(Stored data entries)
---------------
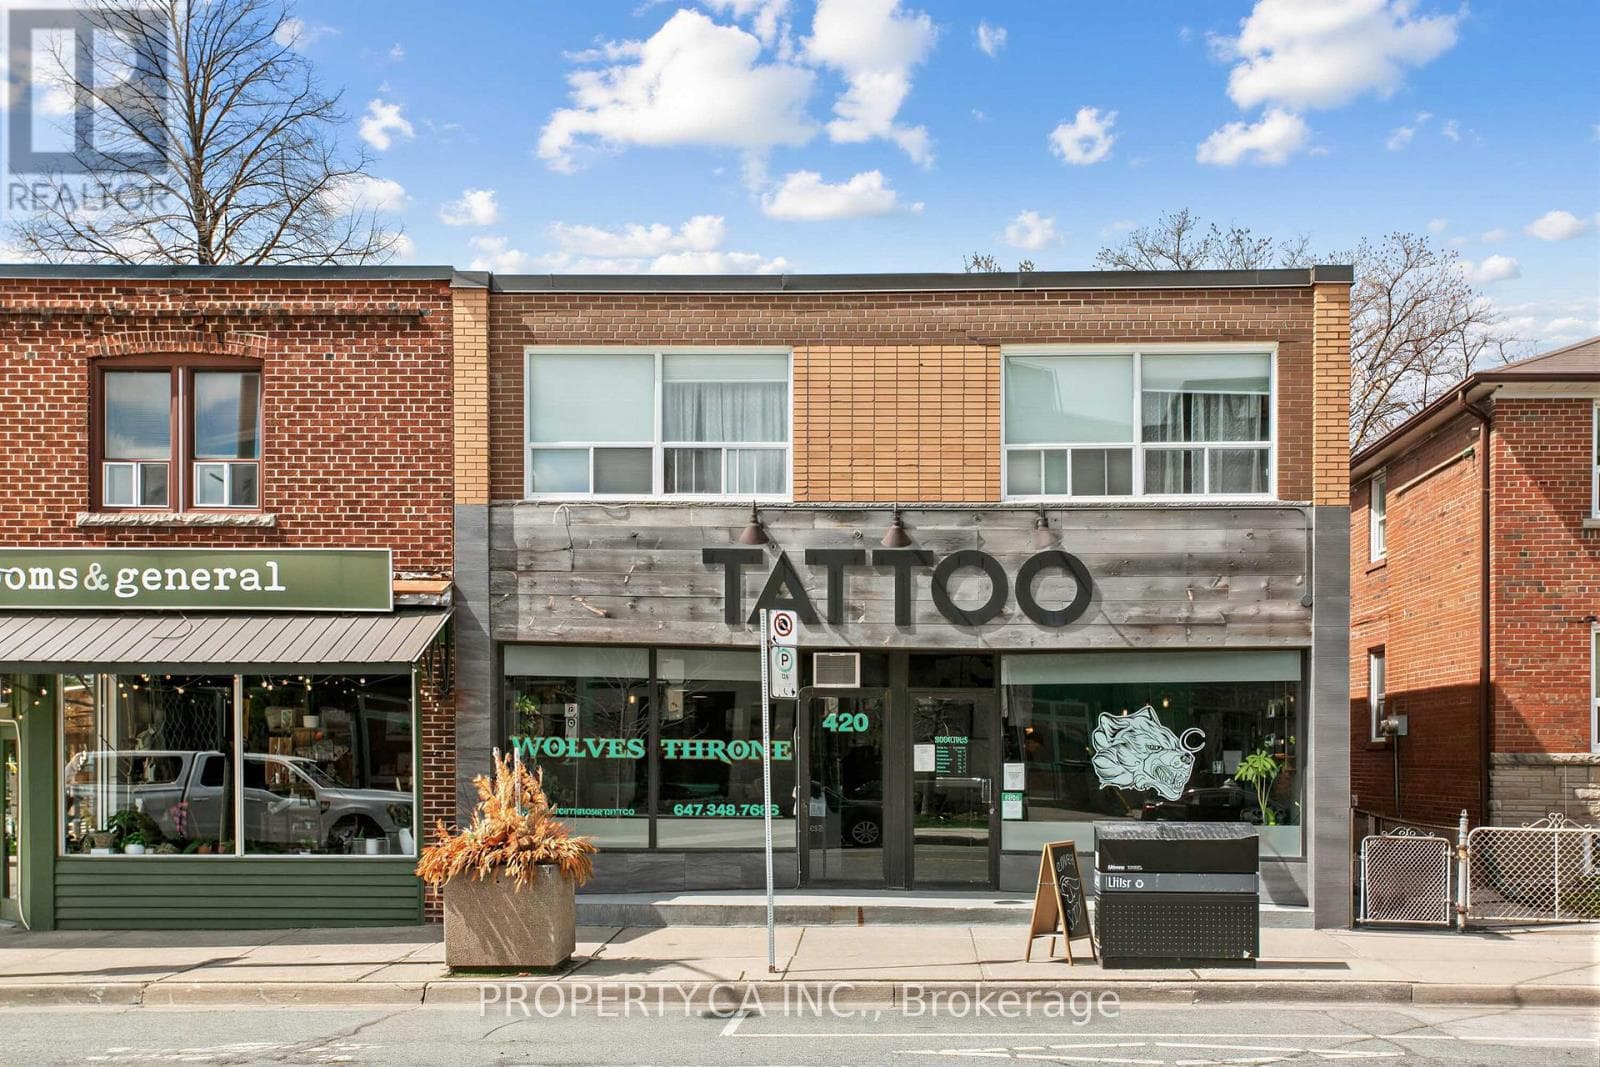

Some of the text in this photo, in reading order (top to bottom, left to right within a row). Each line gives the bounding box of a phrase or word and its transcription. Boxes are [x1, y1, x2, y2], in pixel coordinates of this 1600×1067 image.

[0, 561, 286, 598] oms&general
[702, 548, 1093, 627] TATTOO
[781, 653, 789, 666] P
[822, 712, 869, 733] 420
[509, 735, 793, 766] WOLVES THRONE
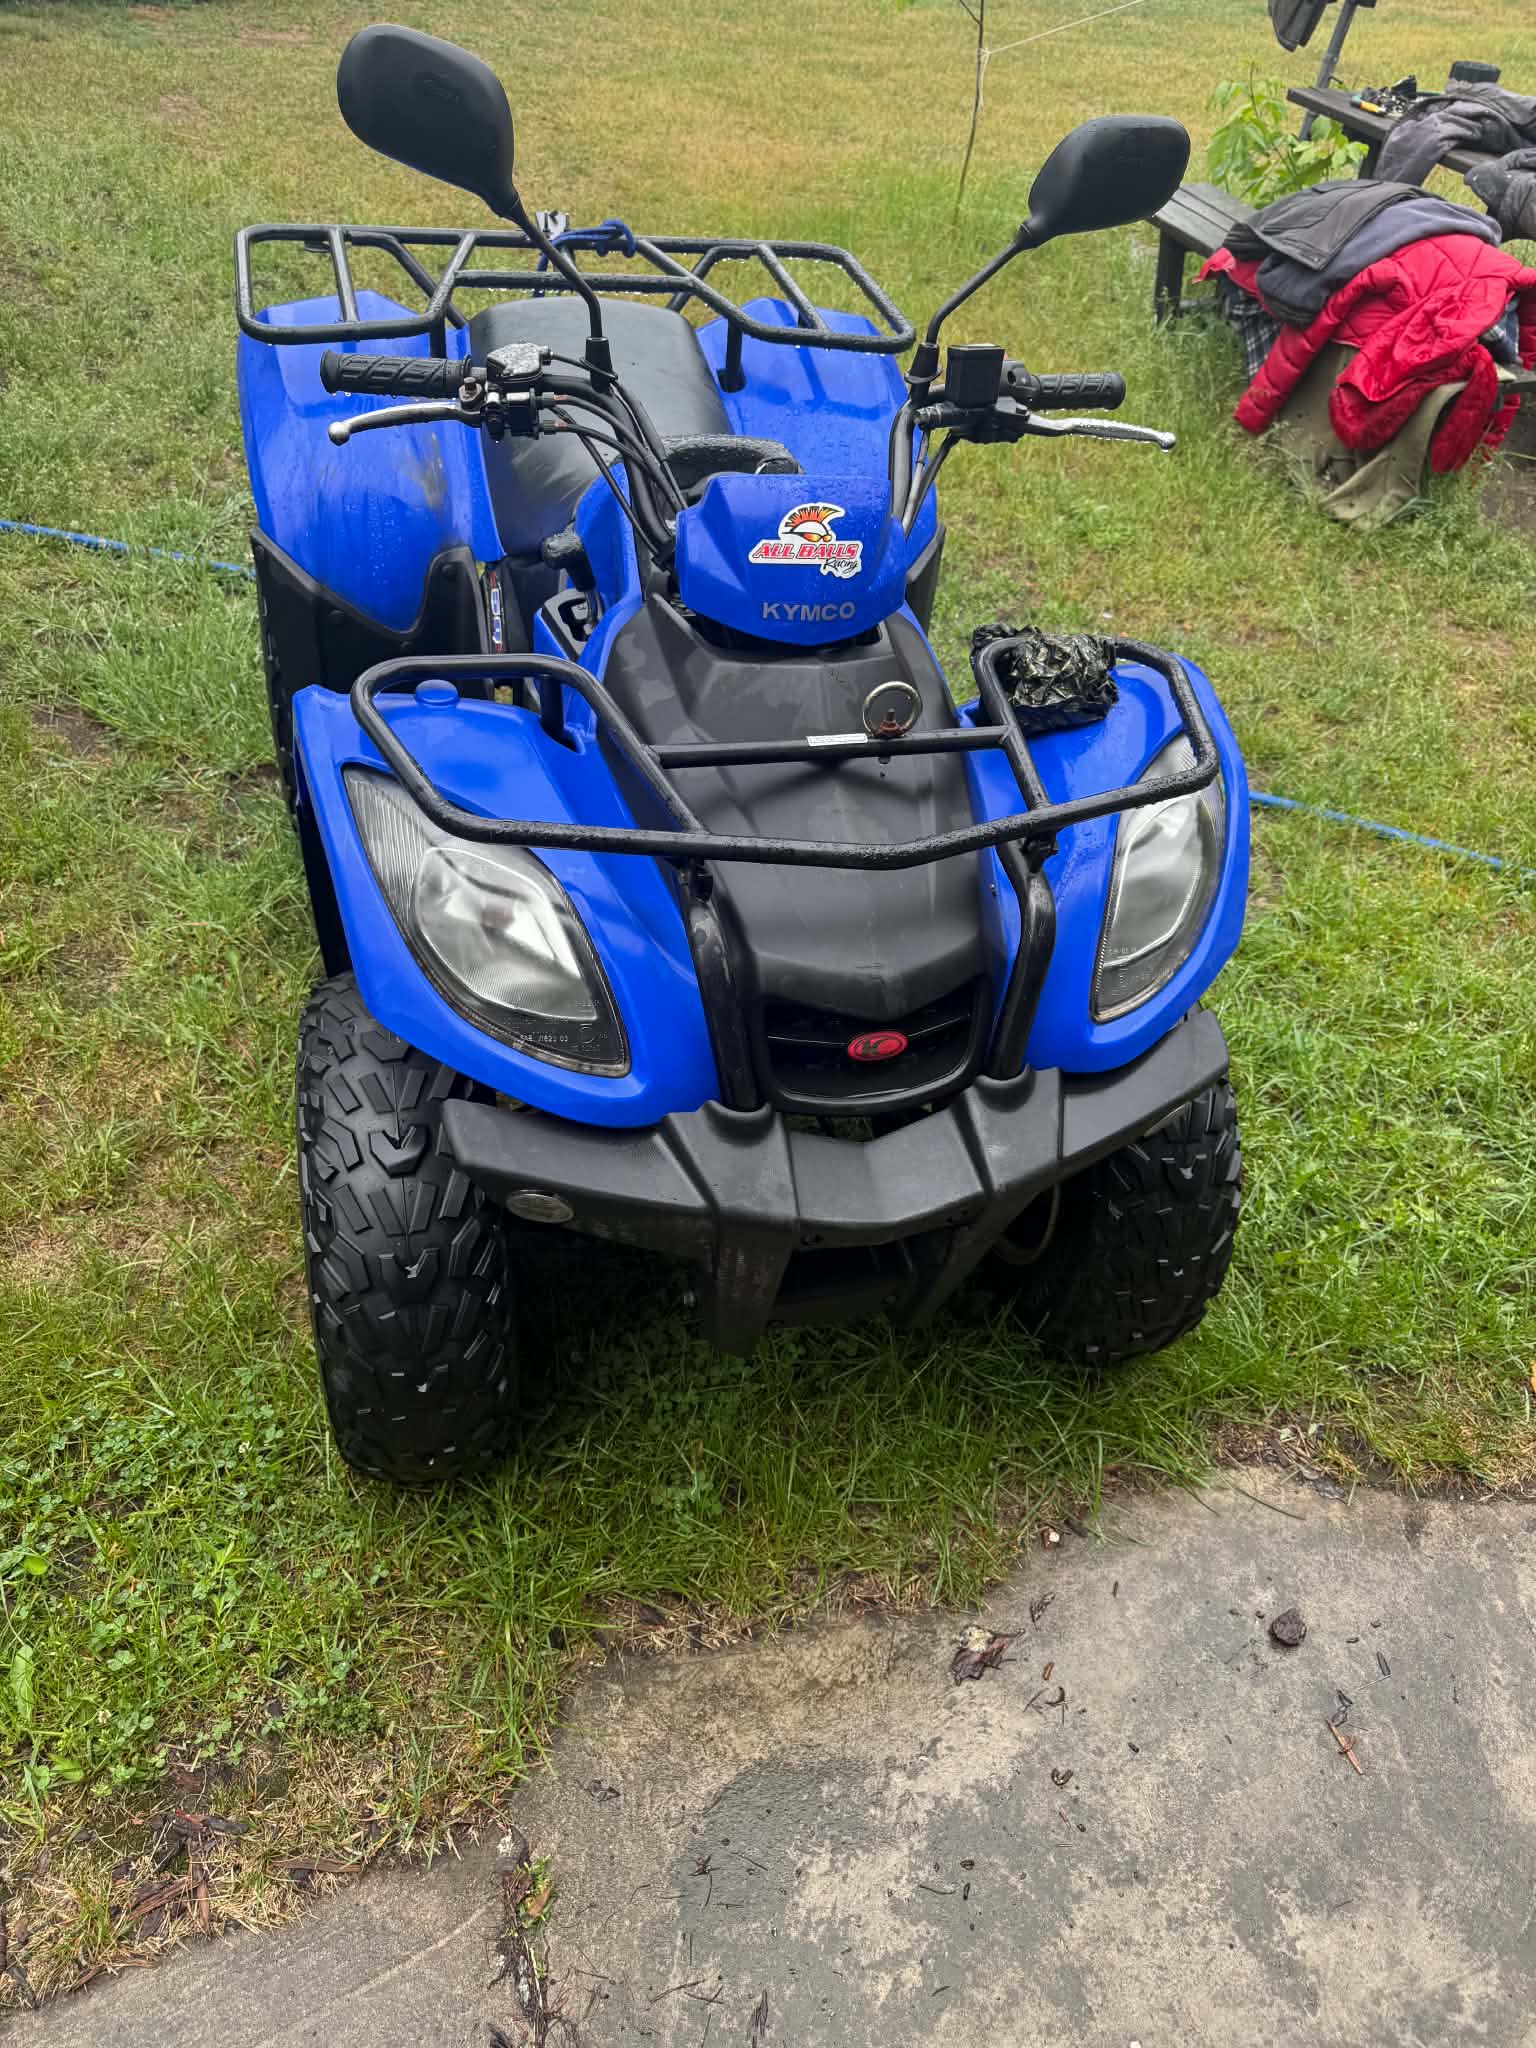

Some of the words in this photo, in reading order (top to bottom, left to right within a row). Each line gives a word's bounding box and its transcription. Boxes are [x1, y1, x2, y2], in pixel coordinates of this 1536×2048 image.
---------------
**Problem statement:** Write out the records above in full and exactly, with no pictures.

**Written response:**
Some of the text in this photo, in reading order (top to bottom, left to right within a row). Each line gives the bounding box of a phrase or word and its transcription. Boxes are [x1, y1, x2, y2], in pixel coordinates of this 1600×1067 image.

[0, 561, 286, 598] oms&general
[702, 548, 1093, 627] TATTOO
[781, 653, 789, 666] P
[822, 712, 869, 733] 420
[509, 735, 793, 766] WOLVES THRONE

Some of the words in this photo, in reading order (top to bottom, left to right within a row). Each line gives a word's bounding box and its transcription. Boxes are [x1, y1, x2, y2], in pixel coordinates of this 1536×2048 image.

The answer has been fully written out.